レイノルドはぐるっと俺たちを見て、ウンウンと頷く。
「君たちで四日目の受験生な訳だが……いいね、いい顔つきだ。毎年私が全日程の総監督を務めるが、我が校を受ける受験生はいい顔をしているよ。さすがエリート校と言うべきかな」
総監督……入試の総責任者か。ということは、こいつが最終的な合格不合格を決めていると言う訳だ。
「――だが、我が校に相応しくない、レベルの低い魔術師が多く受験しているのも事実。君たちはどちらかな?」
ピリついていた空気が、より一層引き締まっていくのを感じる。
挑発が上手い奴だ。
「無駄話が過ぎたな。さっさと本題へ移ろう、時間は有限だ。――試験は試験担当魔術師との模擬試合だ。君たちの鍛えてきた魔術を存分に見せて欲しい。もちろん、担当魔術師間でも多少のレベル差はあるが、どのような基準で判断するかはちゃんとしたマニュアルがあるから、安心して欲しい。劣等生が運で優等生を差し置いて合格するなんてことはあり得ない。そこは信頼してくれたまえ。もちろん、君たちがどこの貴族だろうが、どこの名家だろうが関係ない。強い者は受かり、弱い者は落ちる。それだけだ」
不敵に笑い、そう言い切るレイノルドに、会場がざわつき始める。
強い口調に動揺しているのか、あるいは貴族だから受かるだろうと高を括ってきた奴が居るのか……どちらにせよ、俺にとっては好都合。平民だと言うだけで落とされちゃ構わんからな。

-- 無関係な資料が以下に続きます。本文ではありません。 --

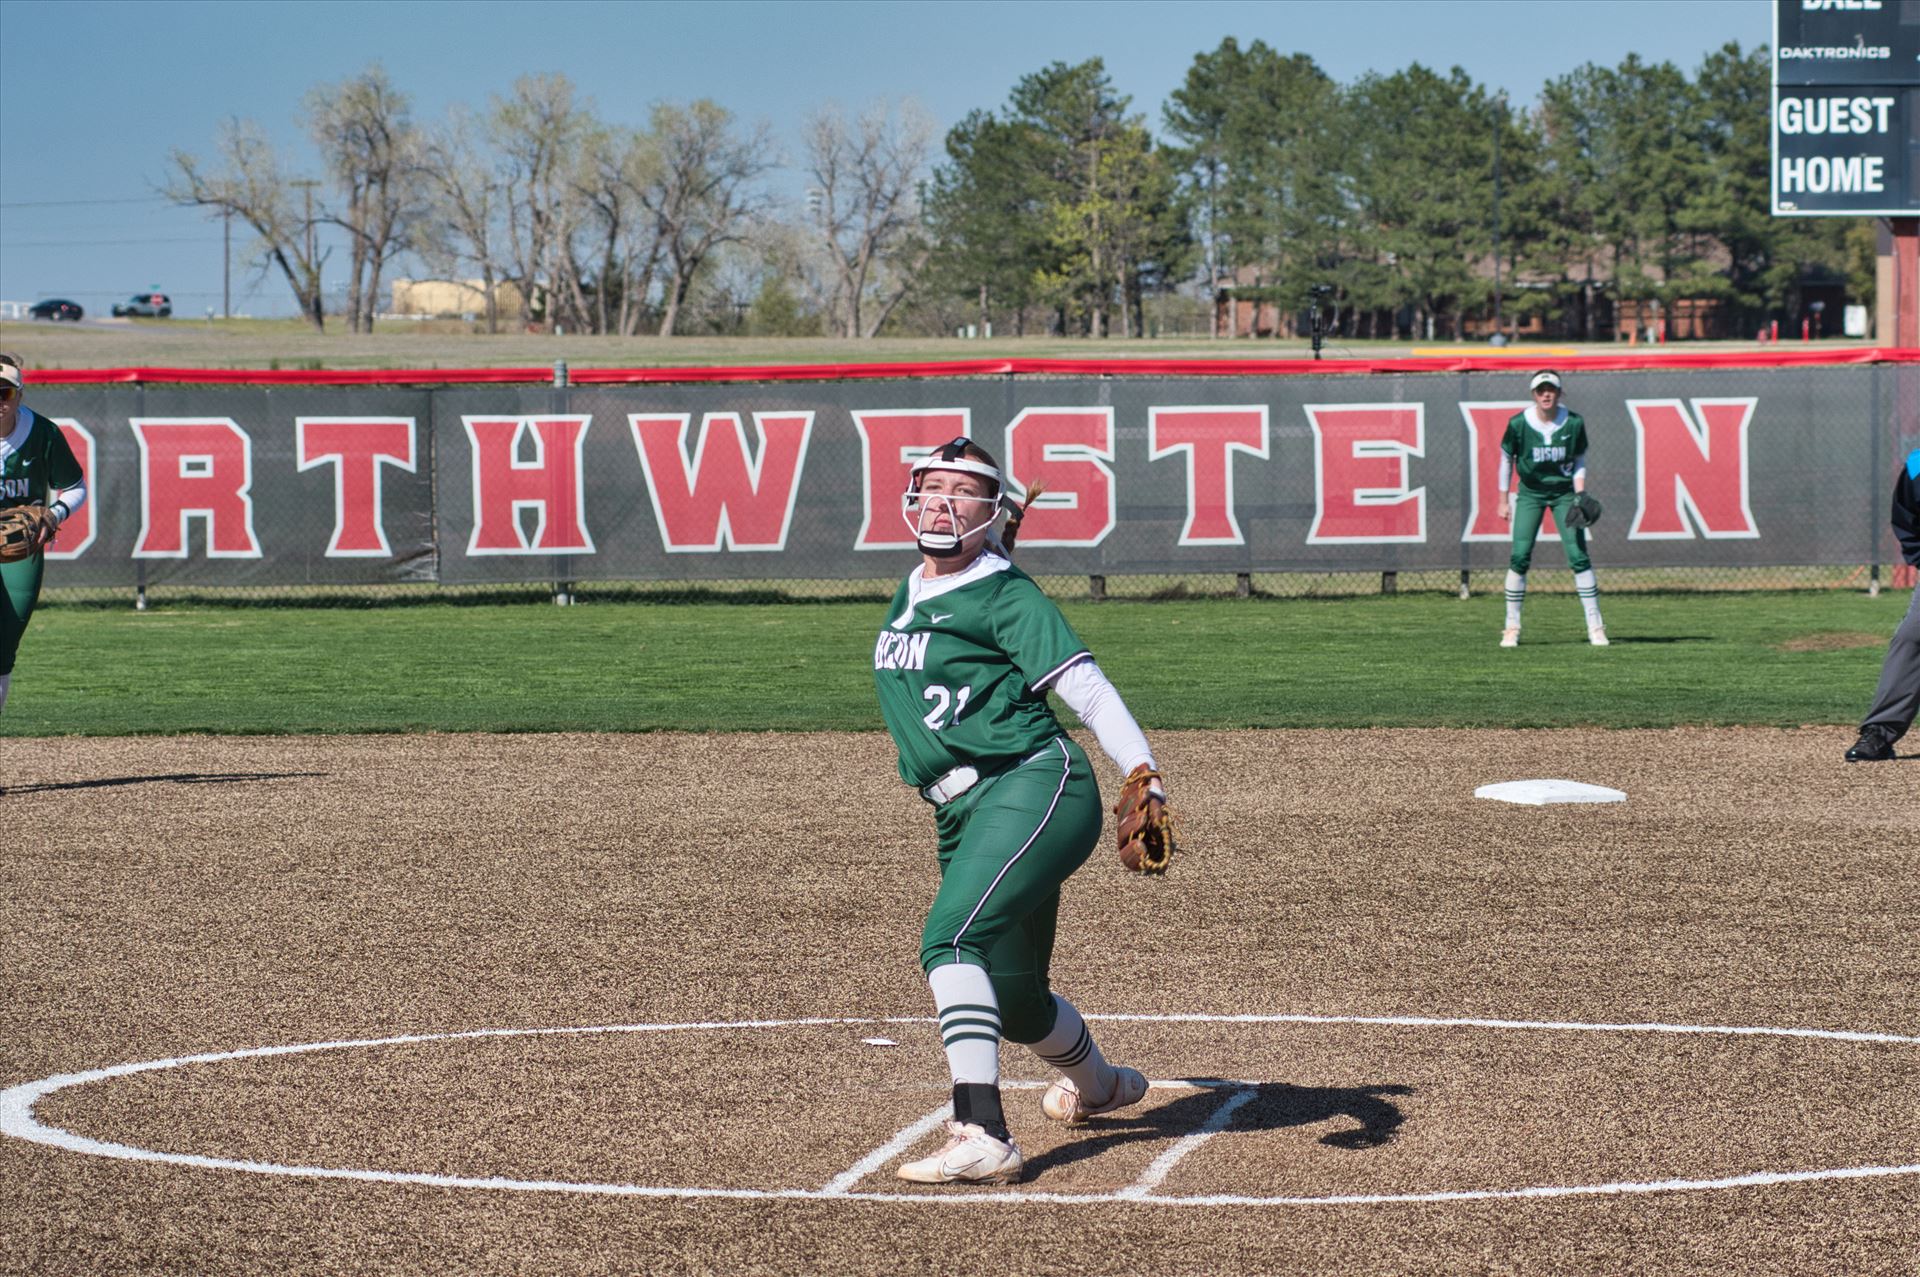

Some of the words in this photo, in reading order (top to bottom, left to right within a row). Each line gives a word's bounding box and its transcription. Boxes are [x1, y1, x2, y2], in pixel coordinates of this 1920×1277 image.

「――よし、だらだらしていても時間がもったいない、てきぱき行こう。君たちの高めた集中力を途切れさせても悪いからね。それでは解散だ。各自受験票に書かれた所定の訓練場に向かい、担当魔術師の指示に従って試験を開始してくれ。……この中の殆どがもう私と会うことは無いだろう。先に言っておく。さようならだ。また会えるよう……健闘を祈っているよ」
こうして、レグラス魔術学院の入試が始まったのだった。